Cellular membranes contain hundreds of different lipid species that solvate thousands of integral membrane proteins. While our understanding of overall cellular lipidomes has increased in recent years, the particular lipidomes surrounding distinct integral membrane proteins remain mysterious. This mystery remains, in part, due to the lack of robust experimental methods to directly evaluate the surrounding lipid environment of membrane proteins. In this work, the use of amphipathic copolymers is described for the study of the preferential surrounding lipid environment, termed paralipidome, of integral membrane proteins. A variety of amphipathic copolymers have now been found to be able to directly solubilize membrane proteins with a surrounding patch of lipids from biological membranes. Since copolymer solubilization does not require the use of detergents, copolymer stabilized nanoparticles have been advertised as maintaining a native membrane environment.
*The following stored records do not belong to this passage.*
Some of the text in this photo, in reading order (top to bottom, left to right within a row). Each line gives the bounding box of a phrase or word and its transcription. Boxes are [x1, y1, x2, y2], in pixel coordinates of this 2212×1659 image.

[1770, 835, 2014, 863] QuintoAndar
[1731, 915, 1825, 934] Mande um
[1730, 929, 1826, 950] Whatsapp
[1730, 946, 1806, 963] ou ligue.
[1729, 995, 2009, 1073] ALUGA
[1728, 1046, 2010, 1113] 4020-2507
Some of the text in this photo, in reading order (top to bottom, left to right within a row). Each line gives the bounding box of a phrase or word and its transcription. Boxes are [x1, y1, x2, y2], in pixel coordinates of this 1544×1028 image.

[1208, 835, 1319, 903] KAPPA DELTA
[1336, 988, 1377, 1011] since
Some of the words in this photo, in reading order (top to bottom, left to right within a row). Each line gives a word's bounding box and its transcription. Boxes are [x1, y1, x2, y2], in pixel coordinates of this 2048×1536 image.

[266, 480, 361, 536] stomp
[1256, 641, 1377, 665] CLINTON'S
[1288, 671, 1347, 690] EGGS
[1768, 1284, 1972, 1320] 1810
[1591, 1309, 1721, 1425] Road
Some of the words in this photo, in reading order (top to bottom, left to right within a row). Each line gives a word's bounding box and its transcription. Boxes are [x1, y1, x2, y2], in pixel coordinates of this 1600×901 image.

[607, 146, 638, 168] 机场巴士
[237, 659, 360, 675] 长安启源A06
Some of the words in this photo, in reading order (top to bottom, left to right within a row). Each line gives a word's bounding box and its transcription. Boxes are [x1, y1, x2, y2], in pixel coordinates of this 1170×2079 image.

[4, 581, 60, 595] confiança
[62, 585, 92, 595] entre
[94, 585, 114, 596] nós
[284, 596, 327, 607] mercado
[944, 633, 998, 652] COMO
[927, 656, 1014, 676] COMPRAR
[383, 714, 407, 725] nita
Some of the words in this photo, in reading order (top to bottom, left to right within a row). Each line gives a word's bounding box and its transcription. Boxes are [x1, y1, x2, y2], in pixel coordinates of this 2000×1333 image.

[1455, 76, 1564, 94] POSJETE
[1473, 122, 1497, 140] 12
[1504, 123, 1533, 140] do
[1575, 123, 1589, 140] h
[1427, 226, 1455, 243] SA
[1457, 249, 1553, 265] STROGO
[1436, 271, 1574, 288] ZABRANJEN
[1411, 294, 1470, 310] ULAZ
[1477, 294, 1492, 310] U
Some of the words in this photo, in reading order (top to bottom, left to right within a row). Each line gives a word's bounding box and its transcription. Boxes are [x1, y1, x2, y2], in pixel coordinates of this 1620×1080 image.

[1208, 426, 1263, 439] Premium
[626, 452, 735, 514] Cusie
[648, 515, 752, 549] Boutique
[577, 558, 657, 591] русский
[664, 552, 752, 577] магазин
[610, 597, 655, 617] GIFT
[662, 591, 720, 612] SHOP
A systematic study comparing lipid packing between copolymer-derived lipid nanoparticles and the membranes they were derived from revealed that copolymeric nanoparticles do not inherently retain native membrane properties. While copolymeric nanoparticles are not native membrane patches, they are still useful tools in the study of preferential membrane protein-lipid interactions. Copolymers were used to efficiently solubilize the adenosine 2A receptor (A2AR), a model mammalian integral membrane protein. Preliminary data on the preferential paralipidome of A2AR is reported by comparing the differences in lipid composition between A2AR containing nanoparticles, crude copolymer nanoparticles, and the source membranes from which they were solubilized. Lipids previously reported as positive allosteric modulators of A2AR, including cholesterol and unsaturated lipids, were found to be enriched in A2AR paralipidomes, among several other lipid preferences. While this work focuses on A2AR, the methods described here are applicable to study the preferential paralipidomes for any membrane protein of interest.